手ぬぐいは、持ち歩きやすく乾きが早いことから、昔から暮らしに欠かせないものでした。現在もハンカチのように使うほか、包む、巻く、敷く、飾る、などさまざまな使い方で、幅広い年代の方に親しまれています。
「にじゆら」の手ぬぐいは、明治時代に大阪で生まれた、生地に染料を「注」いで柄を「染」める注染(ちゅうせん)技法を使ったもの。柄に合わせて糊置きしながら、25mほどの長い布をじゃばら状に重ね、表からと裏からの二度染めるので、裏表なくきれいに染まるのが特徴です。美しい「ぼかし」や「にじみ」は、全工程が職人の手作業だからできること。素材は上質な浴衣にも使われる「さらし」で、肌あたりが良く、使うほどに柔らかくなり風合いが増します。
注染手ぬぐいのブランド「にじゆら」を手掛けるナカニは、手ぬぐいや浴衣の染色加工の工場として1966年に創業。ナカニの工場がある大阪府堺市毛穴(けな)町は、木綿産地として栄え、木綿産業から発生した和晒(わさらし)産業も発展しました。和晒は圧力をかけずにゆっくり蒸してつくるので繊維が潰れません。
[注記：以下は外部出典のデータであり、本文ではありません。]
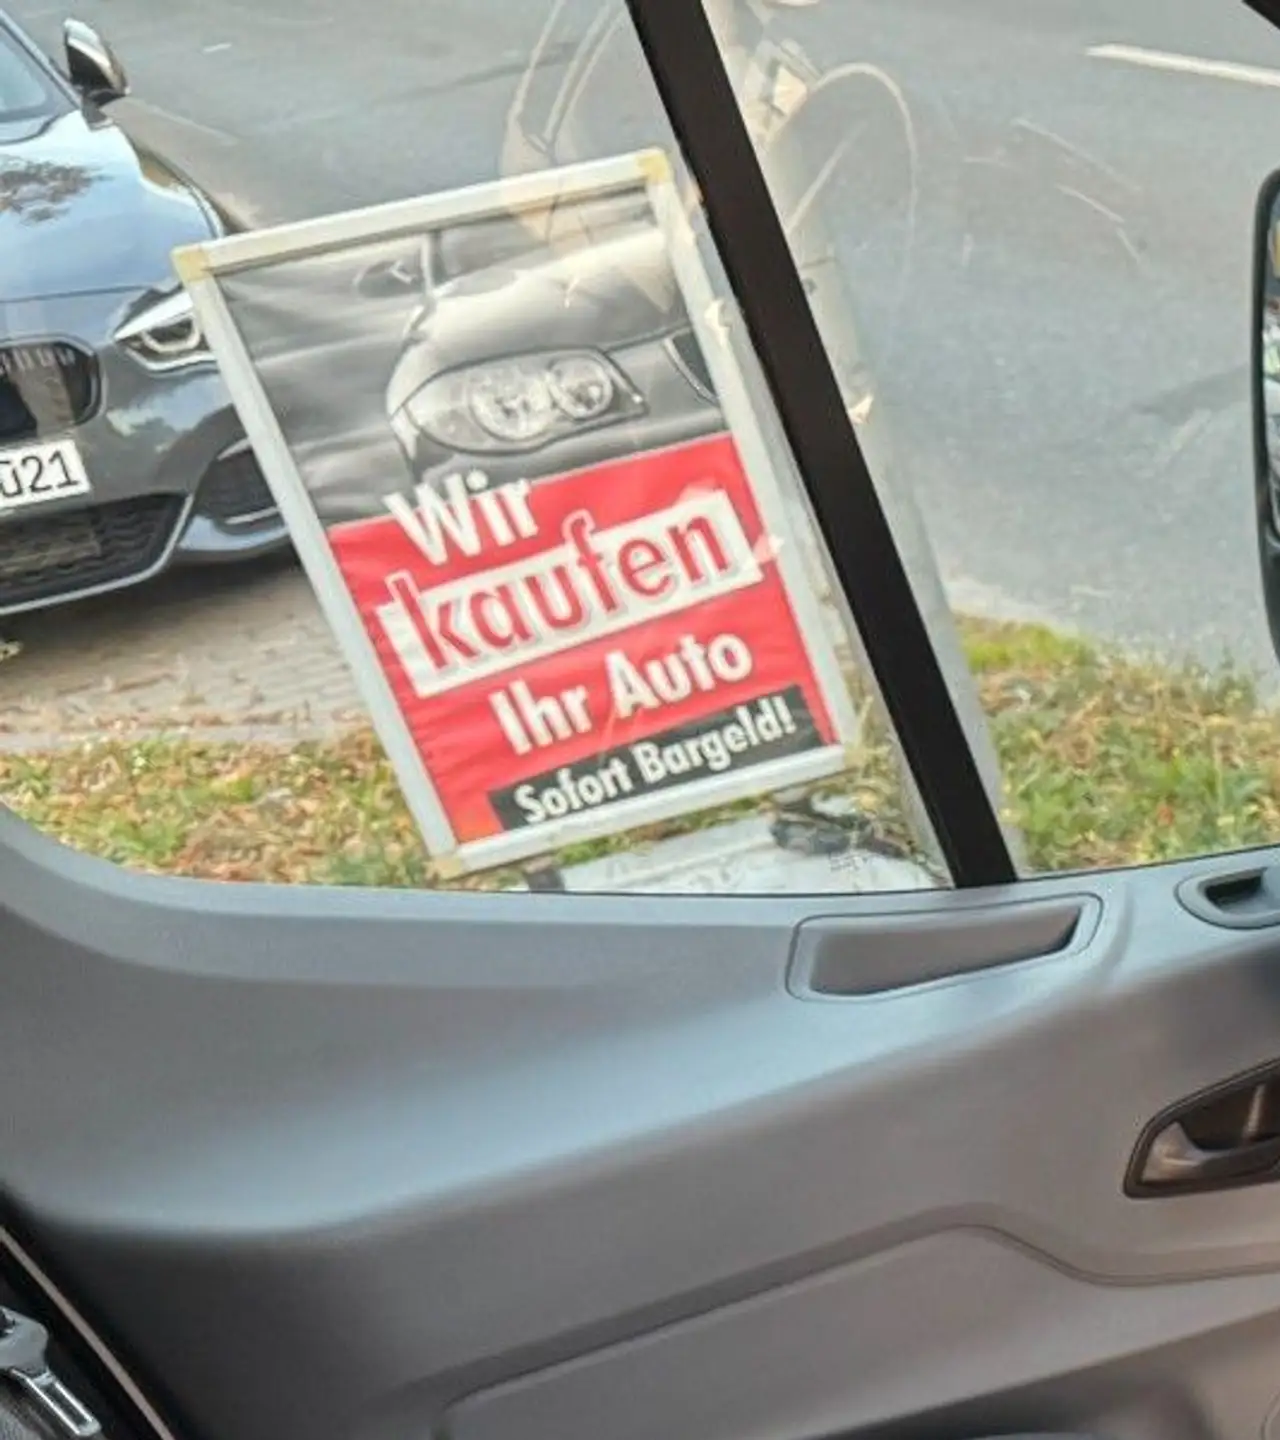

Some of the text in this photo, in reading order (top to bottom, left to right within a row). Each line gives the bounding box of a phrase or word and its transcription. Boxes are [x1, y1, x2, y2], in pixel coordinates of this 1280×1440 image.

[383, 470, 538, 566] Wir
[388, 512, 733, 669] kaufen
[490, 633, 753, 756] Ihr Auto
[514, 697, 796, 824] Sofort Bargeld!
そのため染料が生地の糸の間をよく通ることから注染に向いており、染め工場も和晒産業とともに発展していった歴史があります。
ナカニは長年、注染に携わる中で、手ぬぐいの需要が減りつつあることに危機感を感じて「にじゆら」を設立し、日本ならではの手ぬぐいを残し、注染の魅力や個性を伝える活動に力を入れています。
今回は、大阪府堺市の注染手ぬぐい「にじゆら」と合わせて、大漁旗などを手掛ける鹿児島県いちき串木野市「亀崎染工」がつくる手捺染の手ぬぐいもご紹介いたします。
大阪・鹿児島、それぞれの地域の自然環境によって育まれた日本伝統の染め技法「注染」、「捺染」の歴史や技術・個性を知り、手ぬぐいのある生活を始めてみるきっかけになれば幸いです。